New Jersey has regained nearly half of the jobs it lost due to the pandemic-driven economic contraction of March and April, but future employment gains will become increasingly difficult.
“The United States and New Jersey have made substantial progress in climbing out of the economic chasm that opened beneath our feet in April. But the summer’s extraordinary job growth began to slow in August, with signs that labor market advances are losing momentum,” said report co-author James W. Hughes, University Professor and dean emeritus of the Edward J. Bloustein School of Planning and Public Policy at Rutgers University-New Brunswick.
According to the report, Coronavirus Economic Recuperation Continues: New Jersey and the Nation – Not Yet Back to the Future, New Jersey’s total employment grew by 12 percent (409,400 jobs) between April and August, compared with the nation’s 8.1 percent growth over the same period. New Jersey has regained 49.2 percent of its pandemic-driven job losses, compared with 47.9 percent for the United States.

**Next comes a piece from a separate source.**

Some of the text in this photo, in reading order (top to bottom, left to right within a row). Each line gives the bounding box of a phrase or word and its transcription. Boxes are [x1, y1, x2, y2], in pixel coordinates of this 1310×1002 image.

Following an unprecedented, decade-long economic expansion, April’s job losses sank New Jersey’s employment to its 1985 level. Four months later, the state has improved to its employment level of 1999.

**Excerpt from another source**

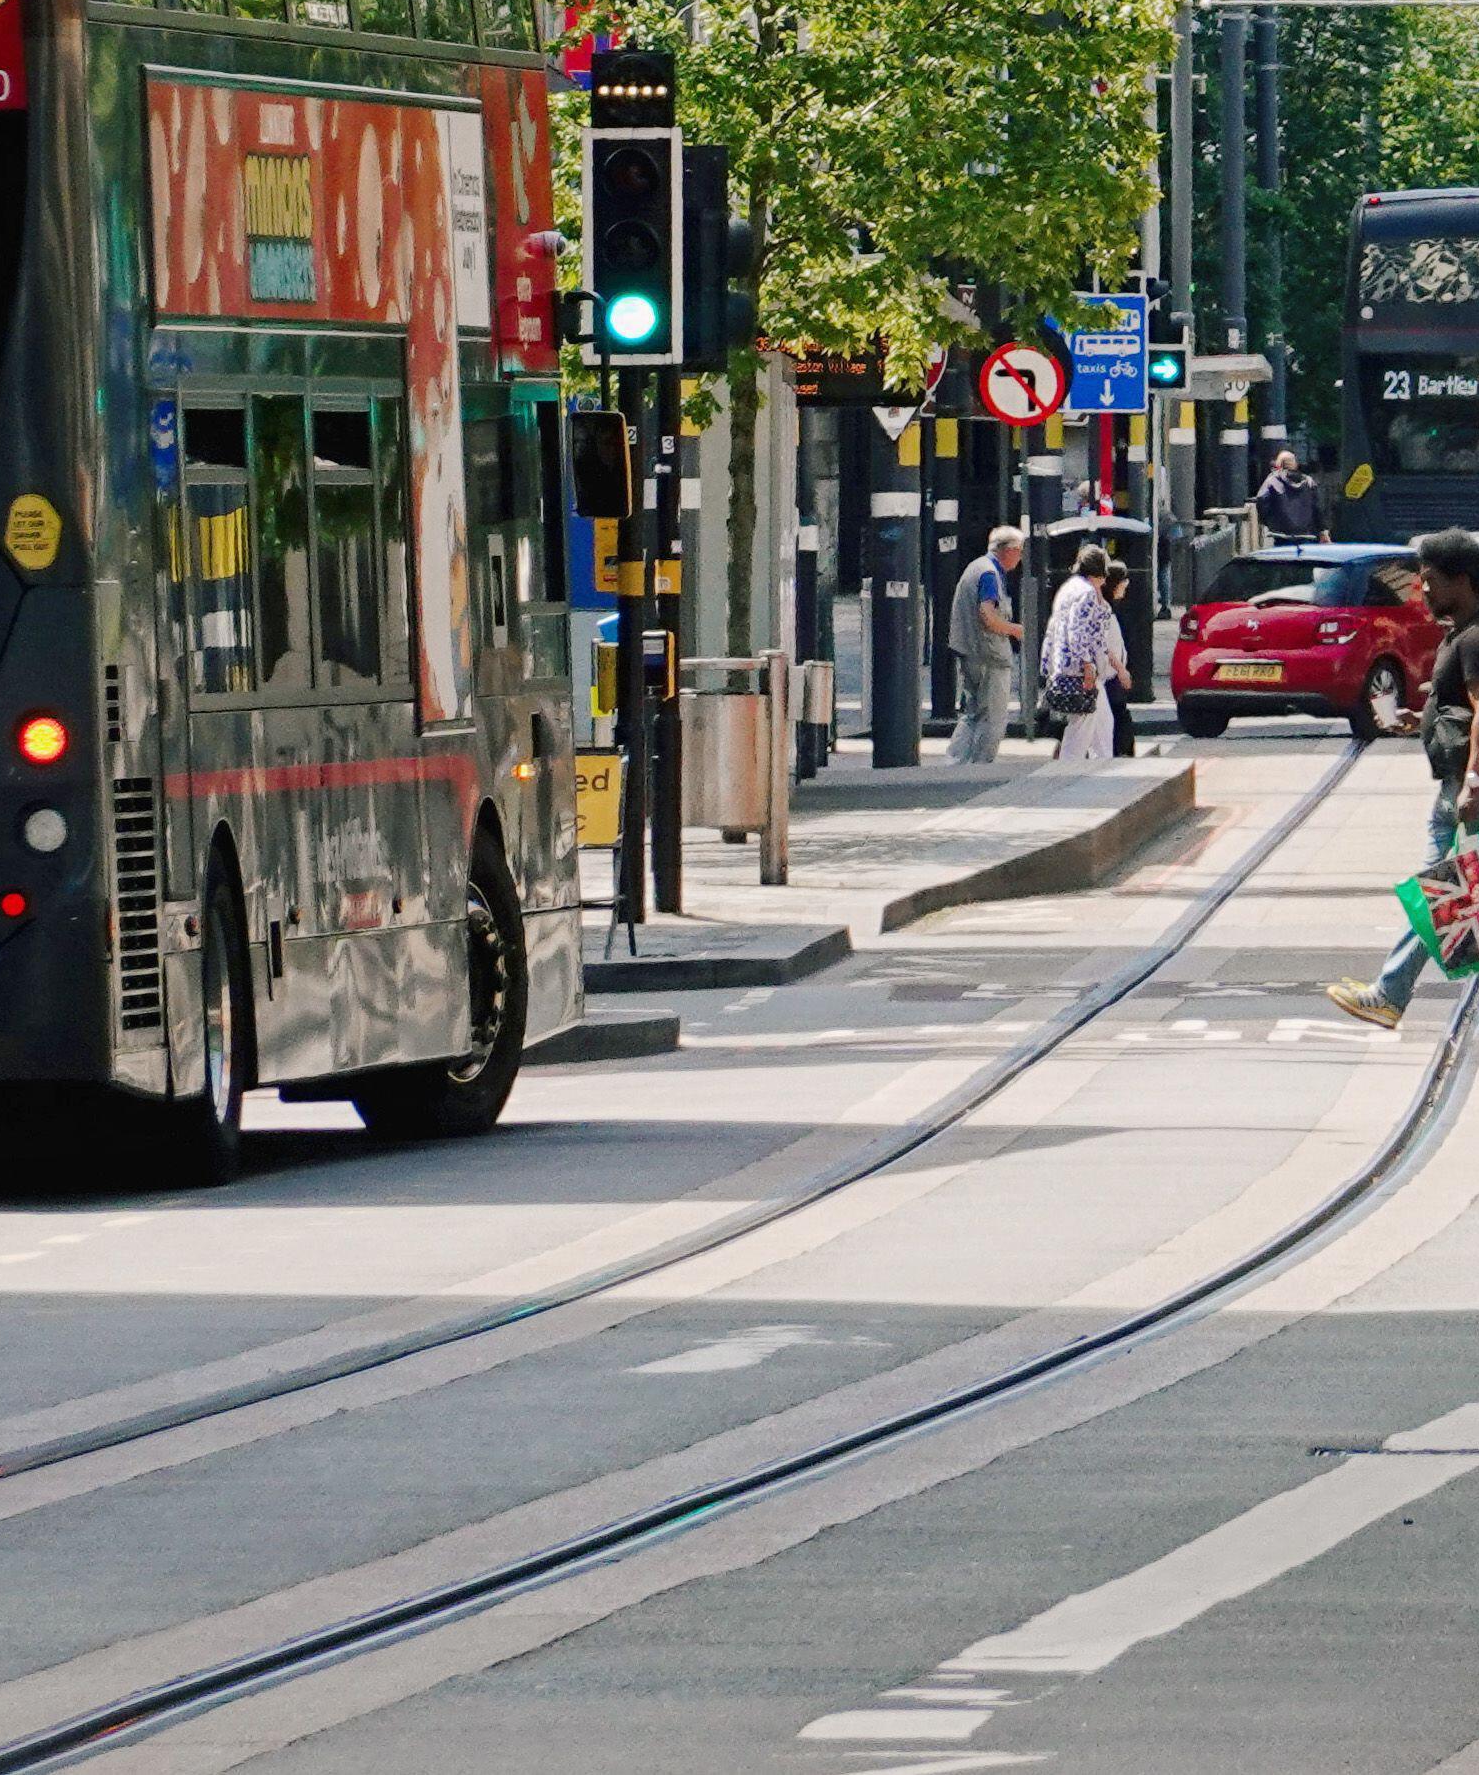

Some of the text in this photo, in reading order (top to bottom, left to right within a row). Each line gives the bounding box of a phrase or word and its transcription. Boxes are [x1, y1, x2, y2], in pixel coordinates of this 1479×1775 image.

[1077, 362, 1107, 374] taxis
[1383, 370, 1411, 401] 23
[1418, 373, 1478, 396] Bartley
[663, 437, 674, 451] 3

The report describes the expected U.S. and New Jersey recovery as a “Nike swoosh shape,” with an initially dramatic increase that has been blunted “with decreasing rates of improvement over time,” rather than a “U” or “L” shape in which the economy would remain stuck at its lowest point before recovering.
“Like any economic downturn, the coronavirus recession has widened the gulf between those able to navigate its effects and those who cannot. Many Americans are prospering while many are barely staying afloat or suffering,” Hughes said. “Remote office workers are coping and even thriving while the vast support staff attached to the larger office ecosystem – the service network and constellation of businesses surrounding office footprints – bear the brunt of the economic shock.”

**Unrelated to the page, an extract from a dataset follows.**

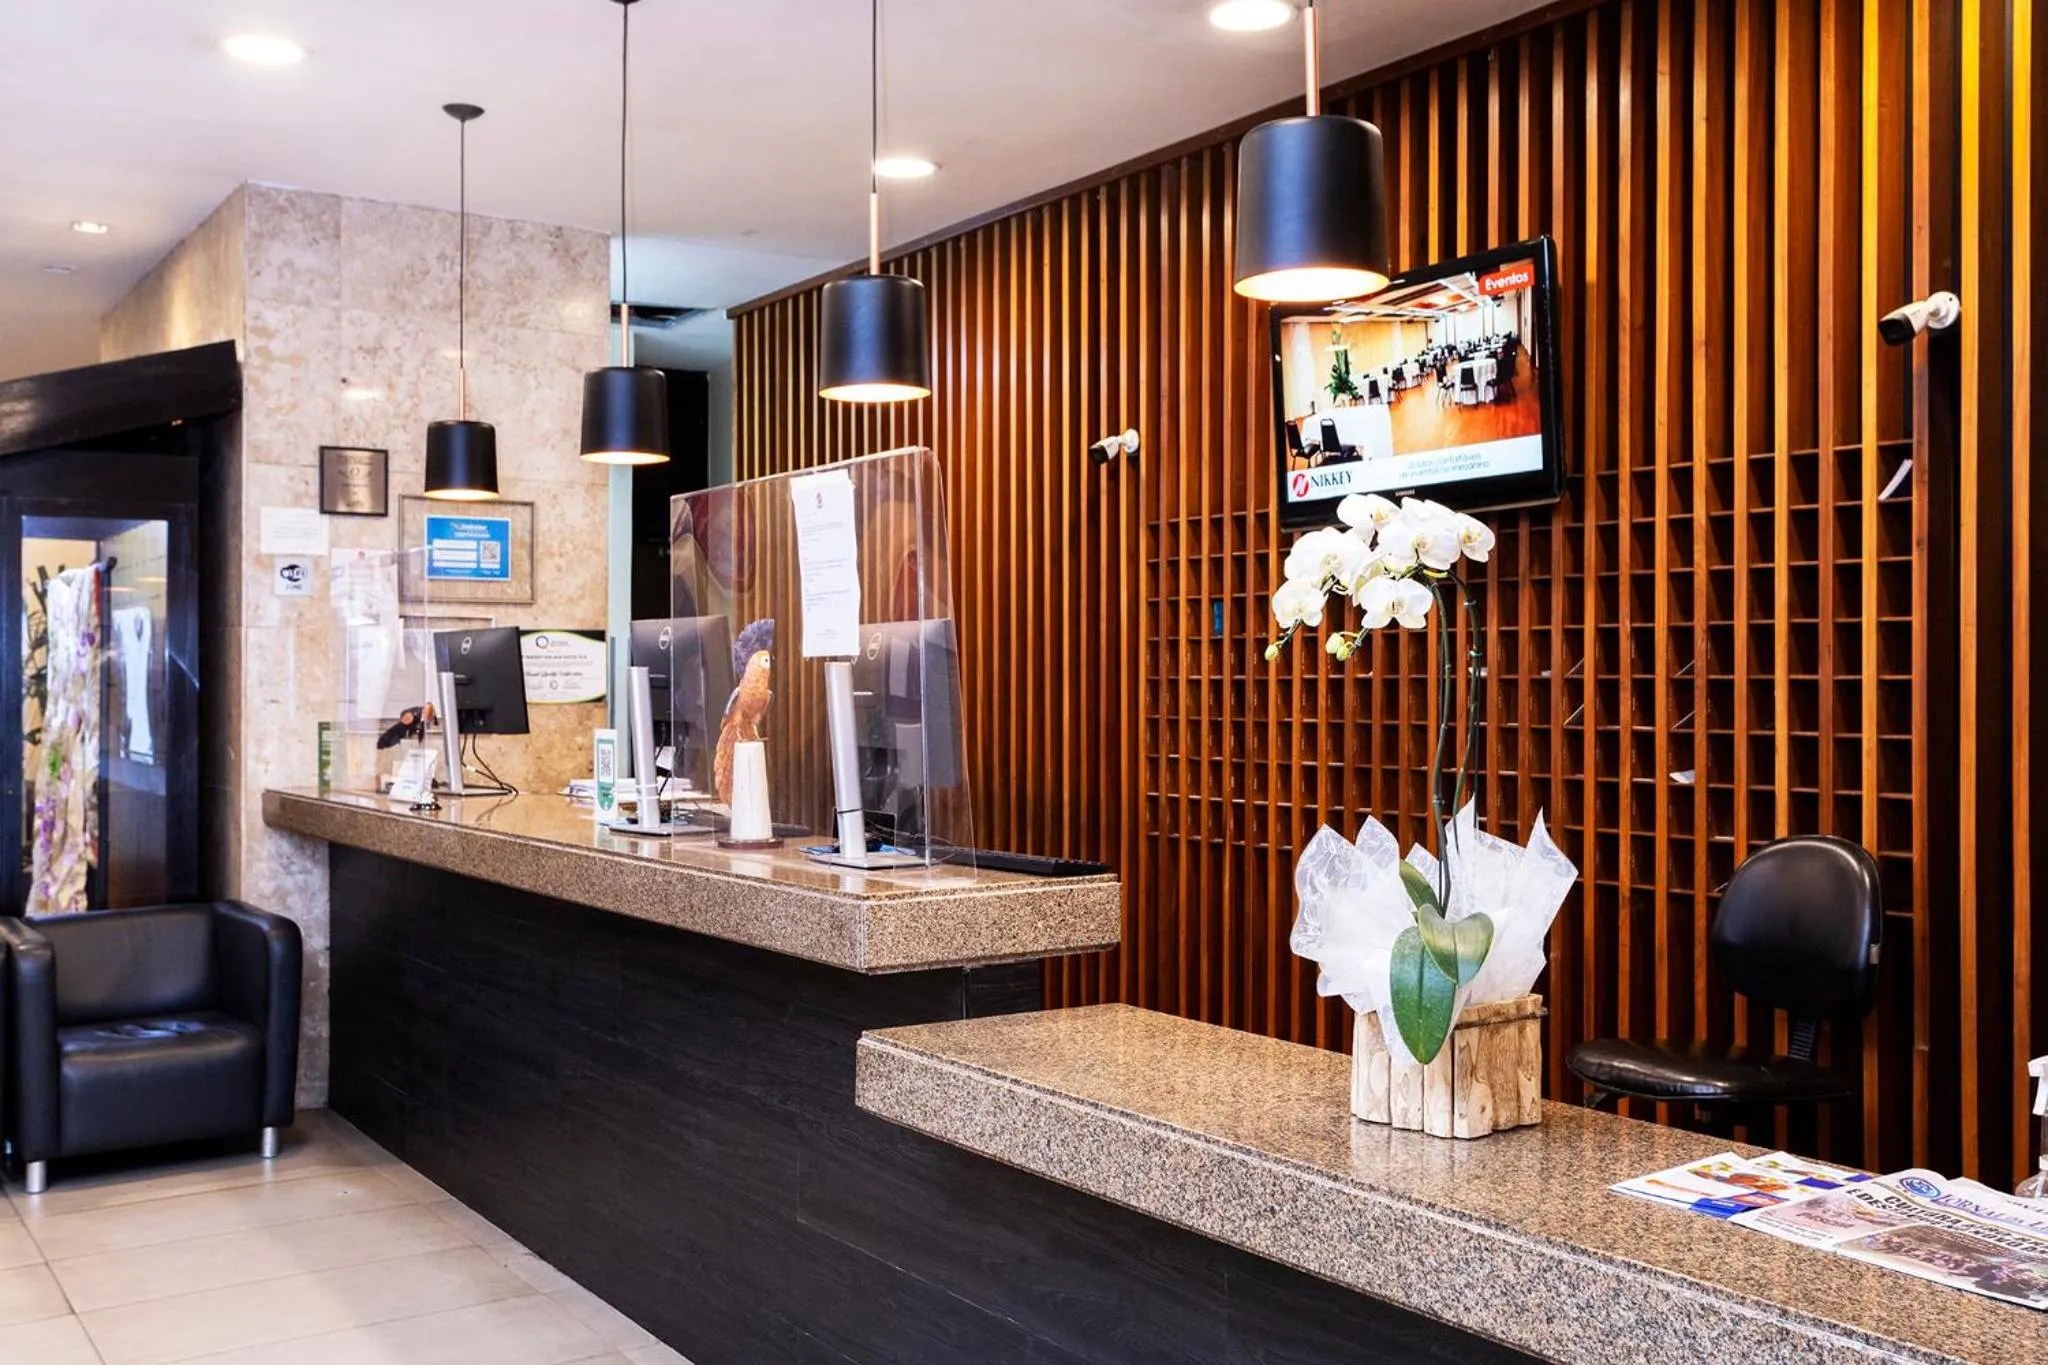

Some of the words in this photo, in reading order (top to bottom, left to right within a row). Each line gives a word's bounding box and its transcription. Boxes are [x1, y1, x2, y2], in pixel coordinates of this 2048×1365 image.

[1485, 272, 1529, 291] Eventos
[1311, 470, 1353, 488] NIKKEY
[1938, 1193, 2004, 1221] JORNAL

The report notes that “a return to old ‘normals’ is not likely” and “the pandemic-fueled crisis may be instigating a perhaps long-overdue re-examination of the fundamentals of the workplace.
“While this could be the impetus for a painful long-term process of restructuring, producing many labor market casualties, it could also spur the reinvention of work processes, work places and workplace systems (with) the potential to produce new, more efficient post-pandemic economic ‘normals,’” the report says.
Coronavirus Economic Recuperation Continues: New Jersey and the Nation – Not Yet Back to the Future is the fifth in a series of Fast Track Research Notes published by the Rutgers Center for Advanced Infrastructure and Transportation (CAIT) on the pandemic’s economic fallout. The reports’ authors are Joseph J. Seneca, University Professor emeritus and Distinguished Professor of economics emeritus; Hughes; and Connie O. Hughes, former Chief of Management and Policy in the New Jersey governor’s office.
Fast Track Research Notes Issue Number 6, scheduled for release on Oct. 19, will incorporate September data that will help determine whether New Jersey has reached the 50 percent recovery mark and whether the unemployment rate will have fallen below 10 percent.